=== Begin Enclosure ===

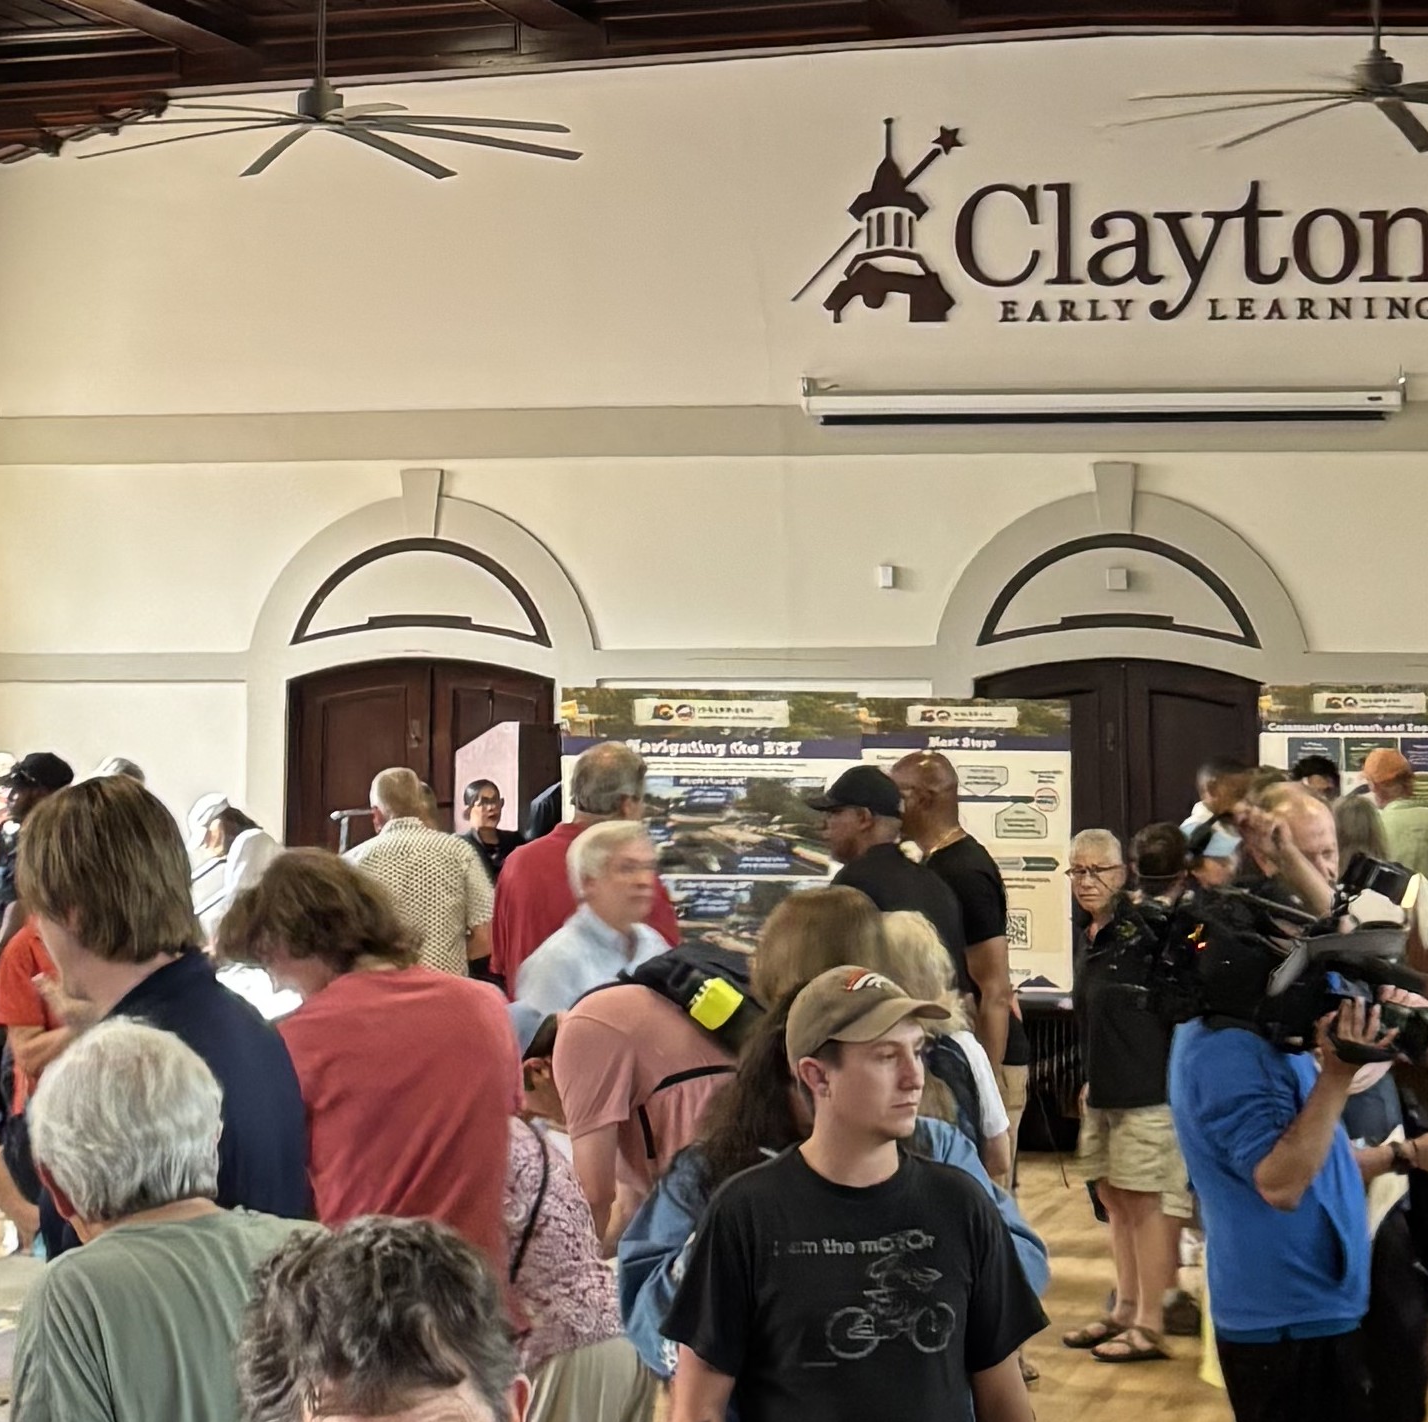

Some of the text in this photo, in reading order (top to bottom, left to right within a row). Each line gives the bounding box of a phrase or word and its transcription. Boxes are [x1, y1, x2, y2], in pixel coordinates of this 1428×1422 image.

[998, 299, 1133, 323] EARLY
[1268, 722, 1332, 733] Community
[1333, 722, 1383, 733] Outreach
[1384, 723, 1405, 732] and
[625, 738, 803, 758] Navigating the BRT
[928, 736, 997, 750] Next Steps
[788, 1240, 819, 1255] am
[822, 1238, 855, 1255] the

=== End Enclosure ===

# REQUIRED WORK
Make an exact copy of every entry above, but keep the pictures out of it.

# RESULT FOR THIS TASK
Some of the text in this photo, in reading order (top to bottom, left to right within a row). Each line gives the bounding box of a phrase or word and its transcription. Boxes are [x1, y1, x2, y2], in pixel coordinates of this 1428×1422 image.

[998, 299, 1133, 323] EARLY
[1268, 722, 1332, 733] Community
[1333, 722, 1383, 733] Outreach
[1384, 723, 1405, 732] and
[625, 738, 803, 758] Navigating the BRT
[928, 736, 997, 750] Next Steps
[788, 1240, 819, 1255] am
[822, 1238, 855, 1255] the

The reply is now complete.